Segment Open

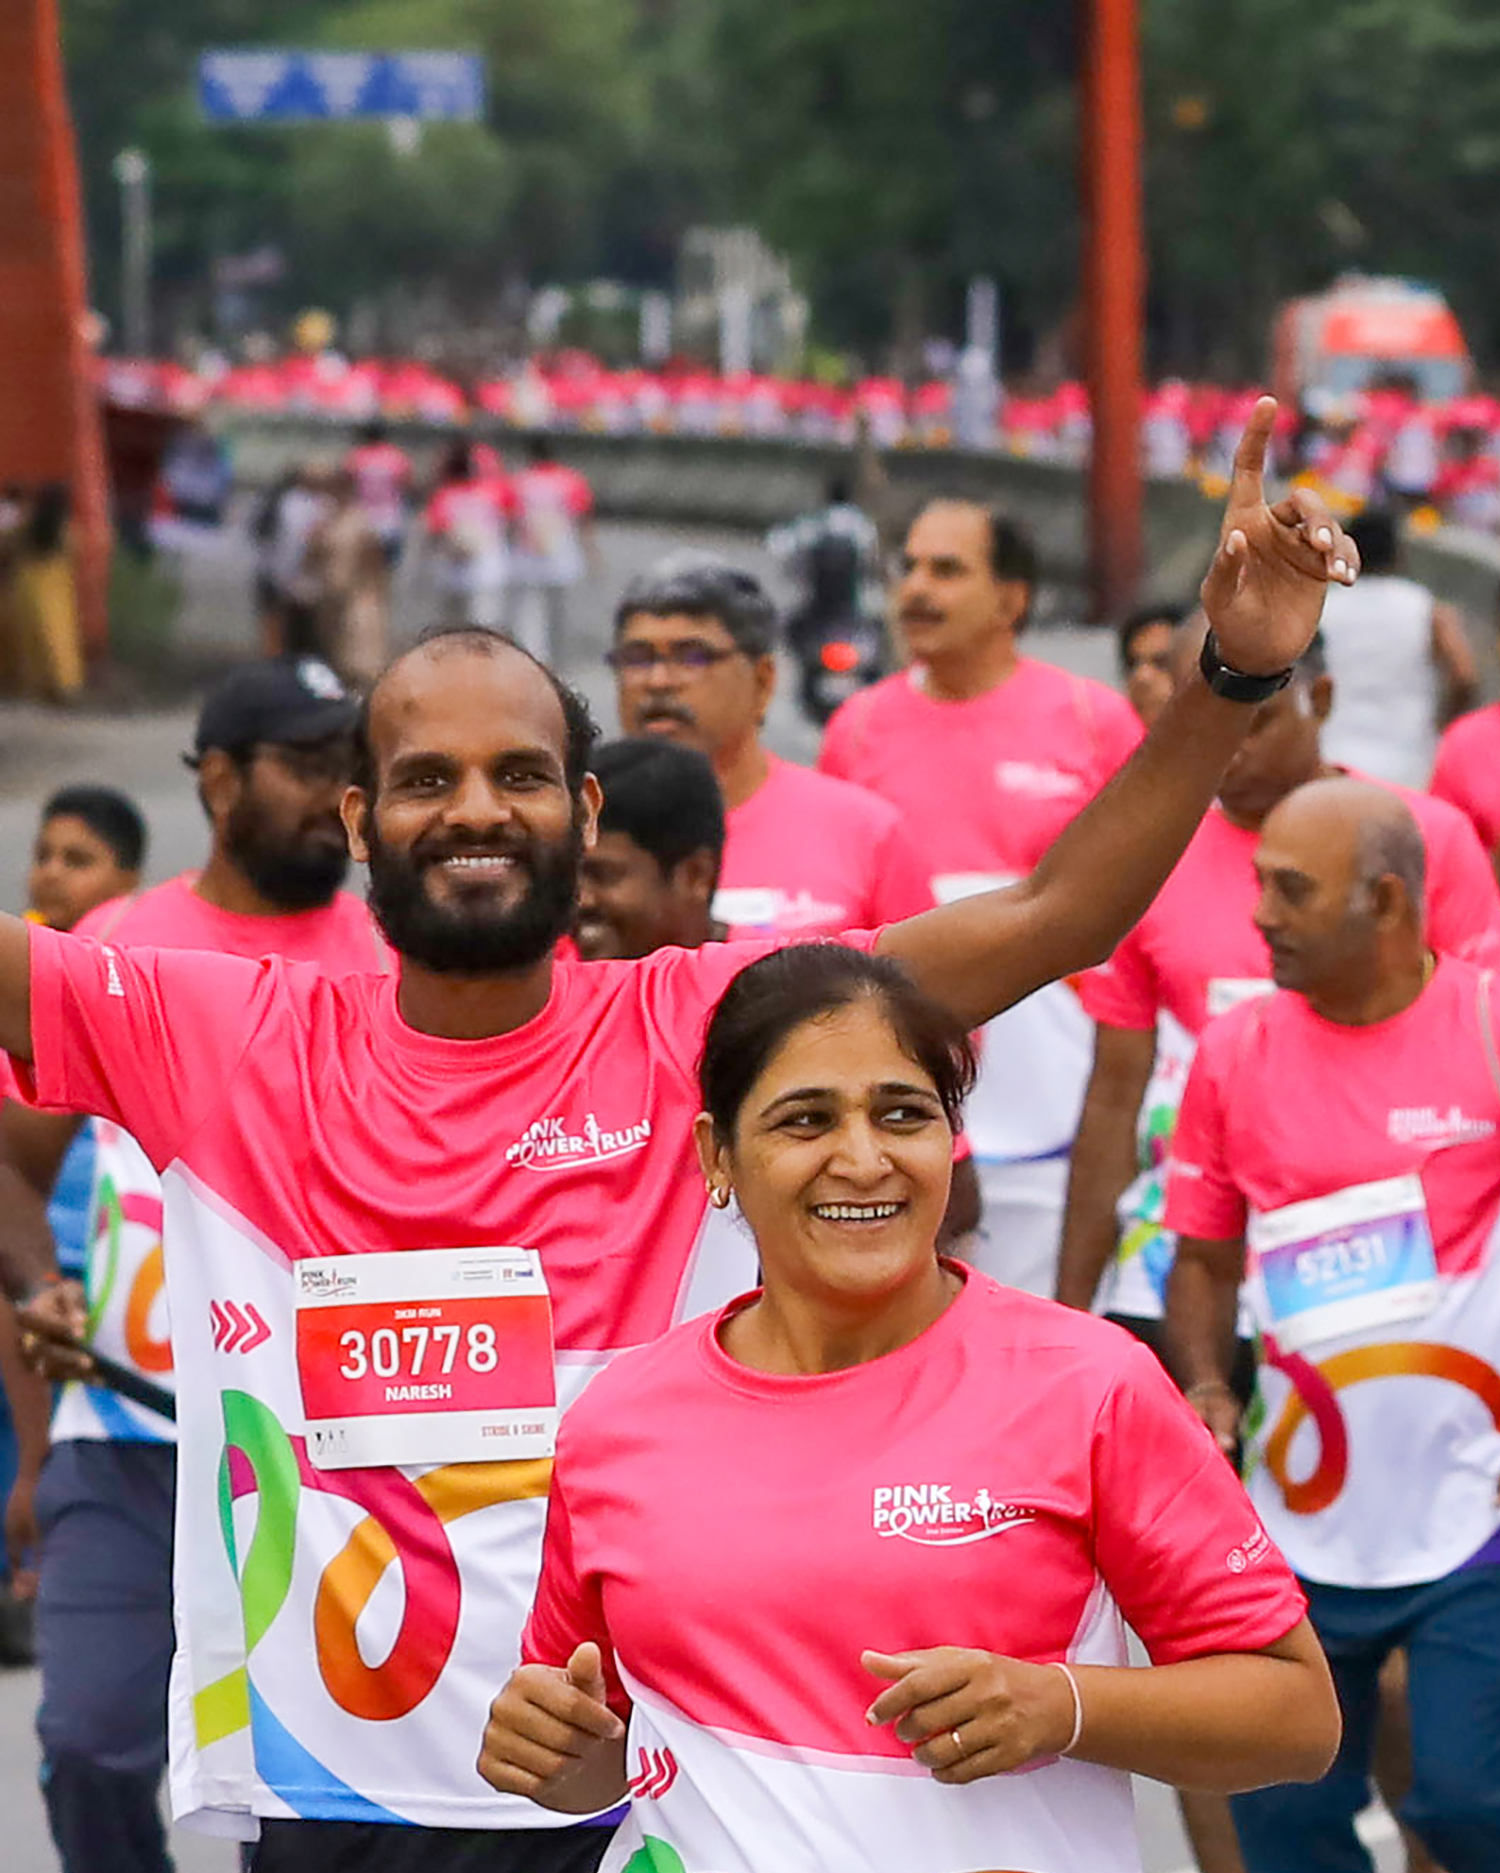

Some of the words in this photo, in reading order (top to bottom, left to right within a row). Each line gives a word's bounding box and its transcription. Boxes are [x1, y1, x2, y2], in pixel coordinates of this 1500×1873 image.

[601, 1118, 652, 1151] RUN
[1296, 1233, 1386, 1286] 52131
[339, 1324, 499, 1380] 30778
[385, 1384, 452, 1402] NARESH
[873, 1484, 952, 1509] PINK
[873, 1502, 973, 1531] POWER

Segment Closed

§ **What is required**
All records are to be reproduced exactly; the pictures are to be omitted.

§ **Response area**
Some of the words in this photo, in reading order (top to bottom, left to right within a row). Each line gives a word's bounding box and its transcription. Boxes are [x1, y1, x2, y2], in pixel coordinates of this 1500×1873 image.

[601, 1118, 652, 1151] RUN
[1296, 1233, 1386, 1286] 52131
[339, 1324, 499, 1380] 30778
[385, 1384, 452, 1402] NARESH
[873, 1484, 952, 1509] PINK
[873, 1502, 973, 1531] POWER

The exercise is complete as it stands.